((
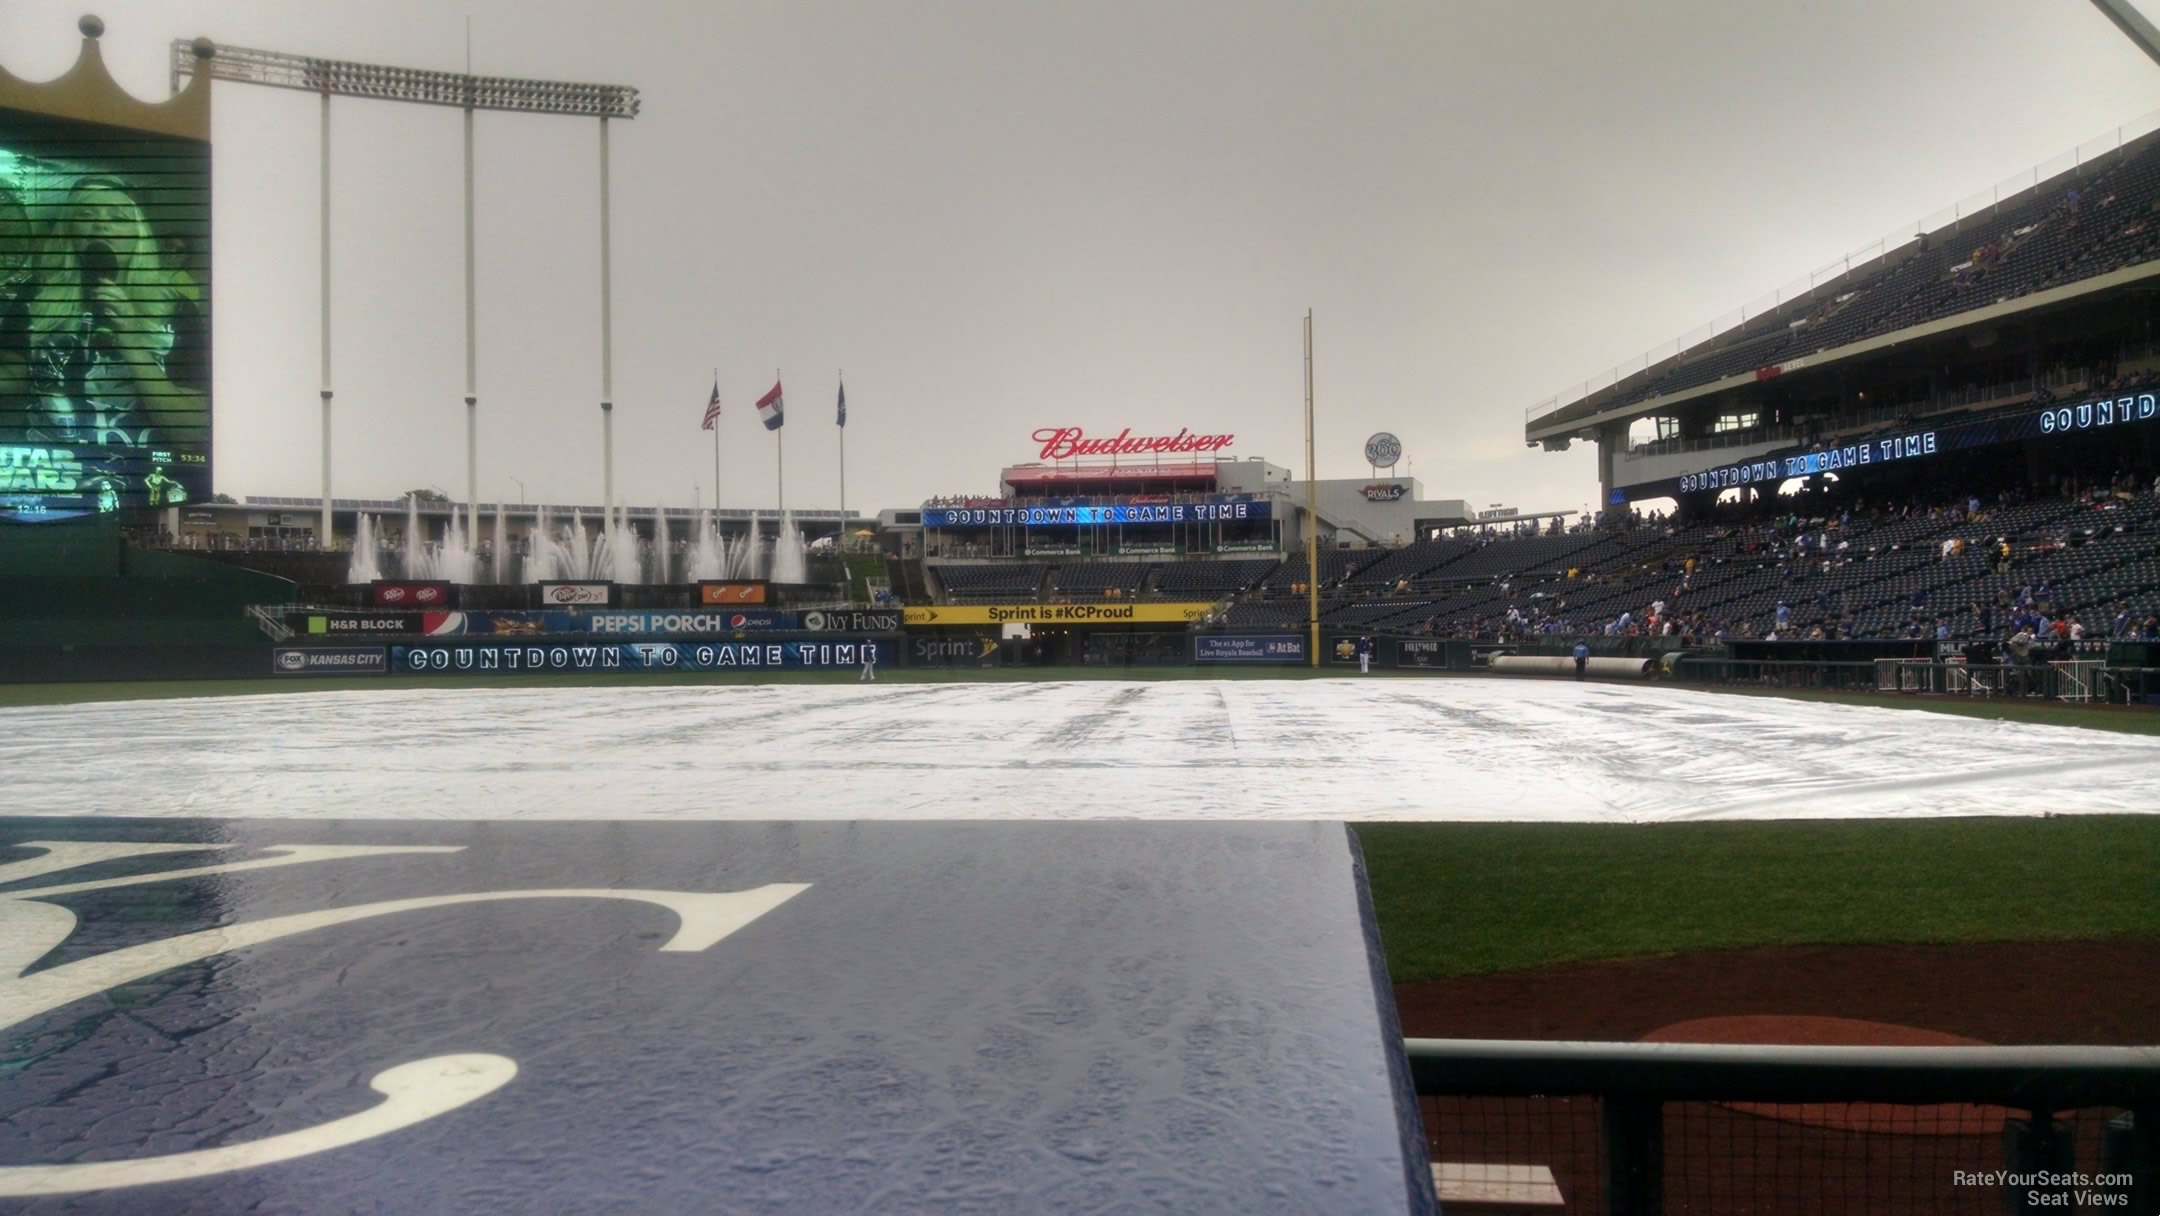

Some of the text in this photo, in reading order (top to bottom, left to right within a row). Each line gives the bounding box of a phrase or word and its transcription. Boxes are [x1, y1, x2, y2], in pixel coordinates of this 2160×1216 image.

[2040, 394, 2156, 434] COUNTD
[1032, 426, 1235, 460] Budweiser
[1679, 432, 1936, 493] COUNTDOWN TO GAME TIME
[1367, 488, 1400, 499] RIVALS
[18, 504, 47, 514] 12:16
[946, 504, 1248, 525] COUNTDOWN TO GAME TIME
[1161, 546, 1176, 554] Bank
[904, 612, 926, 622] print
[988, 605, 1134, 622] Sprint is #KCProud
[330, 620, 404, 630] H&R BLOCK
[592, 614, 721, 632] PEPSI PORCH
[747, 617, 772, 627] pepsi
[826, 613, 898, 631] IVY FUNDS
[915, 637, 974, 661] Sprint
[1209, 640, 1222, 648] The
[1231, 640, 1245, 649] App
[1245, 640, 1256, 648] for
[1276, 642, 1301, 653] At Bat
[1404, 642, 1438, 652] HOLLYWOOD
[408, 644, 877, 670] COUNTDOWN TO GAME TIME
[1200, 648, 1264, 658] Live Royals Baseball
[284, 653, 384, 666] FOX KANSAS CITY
))
*YOUR TASK*: The whole listing above needs to be copied exactly; please keep the pictures out.

*SOLUTION FOR THIS PROBLEM*:
Some of the text in this photo, in reading order (top to bottom, left to right within a row). Each line gives the bounding box of a phrase or word and its transcription. Boxes are [x1, y1, x2, y2], in pixel coordinates of this 2160×1216 image.

[2040, 394, 2156, 434] COUNTD
[1032, 426, 1235, 460] Budweiser
[1679, 432, 1936, 493] COUNTDOWN TO GAME TIME
[1367, 488, 1400, 499] RIVALS
[18, 504, 47, 514] 12:16
[946, 504, 1248, 525] COUNTDOWN TO GAME TIME
[1161, 546, 1176, 554] Bank
[904, 612, 926, 622] print
[988, 605, 1134, 622] Sprint is #KCProud
[330, 620, 404, 630] H&R BLOCK
[592, 614, 721, 632] PEPSI PORCH
[747, 617, 772, 627] pepsi
[826, 613, 898, 631] IVY FUNDS
[915, 637, 974, 661] Sprint
[1209, 640, 1222, 648] The
[1231, 640, 1245, 649] App
[1245, 640, 1256, 648] for
[1276, 642, 1301, 653] At Bat
[1404, 642, 1438, 652] HOLLYWOOD
[408, 644, 877, 670] COUNTDOWN TO GAME TIME
[1200, 648, 1264, 658] Live Royals Baseball
[284, 653, 384, 666] FOX KANSAS CITY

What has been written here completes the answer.